Alright, minions, so you want to live/go to school in a foreign country (or in my case a “foreign” country, emphasis on the air quotes)?  Where to start?  The answer, as it so often is: It’s About the Money, Stupid.

Know your numbers, research them exhaustively.  Are you going to be able to work?  Do you have to show any amount of money in order to get a visa?  How do you plan on financing your jaunt abroad?  Where will that financing come from?  Living expenses, travel expenses, school expenses, and of course the all-important play money, all of this has to be taken into account.

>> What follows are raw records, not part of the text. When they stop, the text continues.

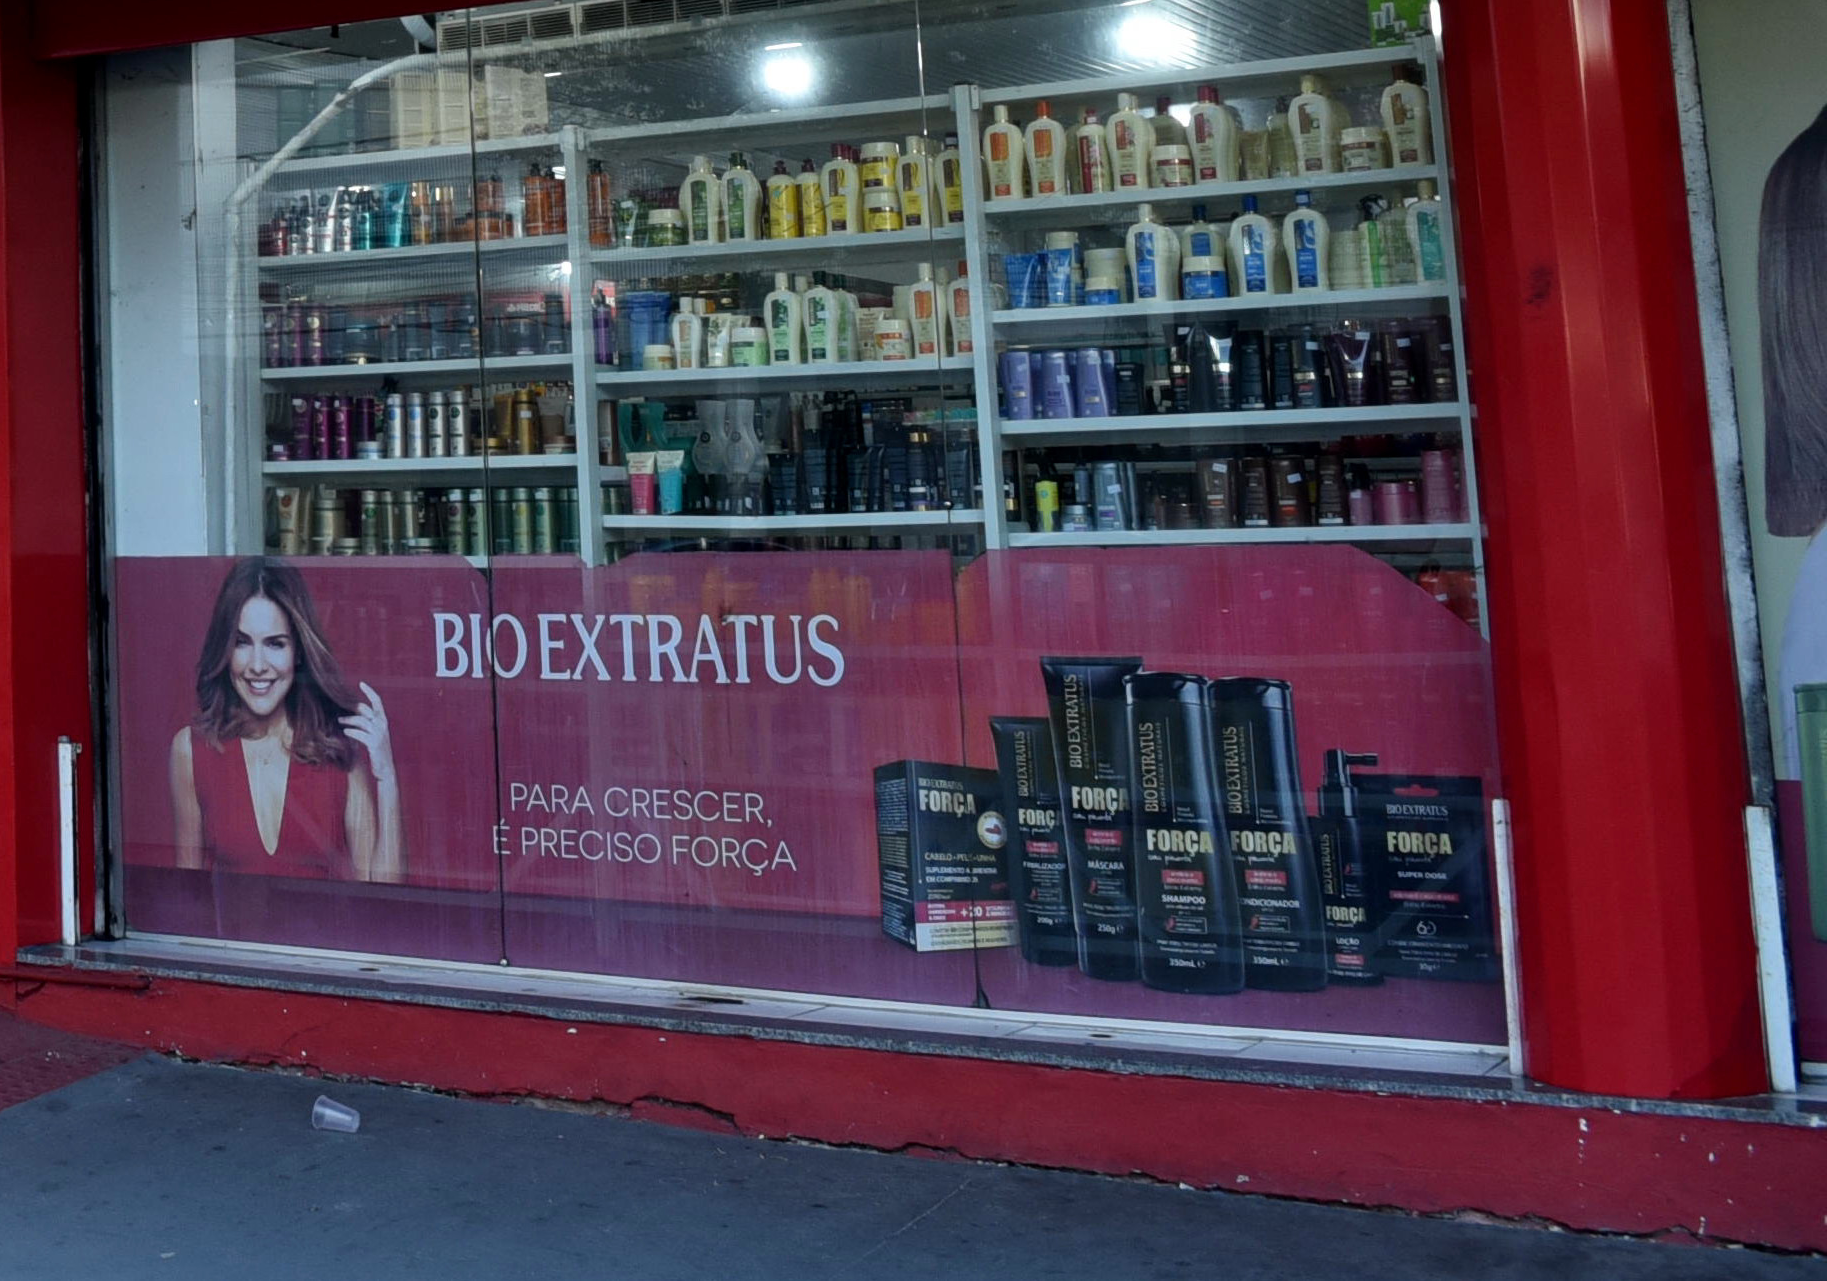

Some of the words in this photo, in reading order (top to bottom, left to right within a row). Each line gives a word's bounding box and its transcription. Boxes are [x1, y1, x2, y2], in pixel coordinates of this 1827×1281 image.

[510, 782, 595, 816] PARA
[603, 786, 773, 829] CRESCER,
[1071, 785, 1131, 816] FORÇA
[492, 818, 511, 855] É
[522, 826, 662, 864] PRECISO
[672, 835, 798, 877] FORÇA
[1146, 828, 1214, 857] FORÇA
[1229, 830, 1297, 858] FORÇA
[1386, 830, 1453, 858] FORÇA
[1161, 894, 1207, 905] SHAMPOO
[1239, 897, 1300, 909] ONDICIONADOR

If it seems daunting, good.  Know exactly what you’re getting into.  I’ve had friends who have bankrupted themselves with studying abroad and just-for-fun travel because they failed utterly to examine what they were undertaking financially.  Even good, lovely, enriching, and personally fulfilling things cost money sometimes, kittens, and only a fool jumps in without a few honest conversations with themselves.

Money makes the world go round, and you go round the world if you're smart about it.

When J. and I were discussing whether or not to go to the UK for school, we had to take a lot of things into account, but the biggest factor was money. We ultimately decided that the prestige of the school, the benefits of international education in an increasingly globalized world, and the (we admit) awesomeness of the opportunity were worth the debt. We always knew we’d have to take out loans for grad school, but going abroad means we’ll be taking on nearly three times as much…and we did not do that lightly. J.’s program is only one year, if it had been more , in all likelihood we would have chosen a US school. Yes, I would have pouted for a few minutes, and then got to work financing that move instead. I’m a do-er.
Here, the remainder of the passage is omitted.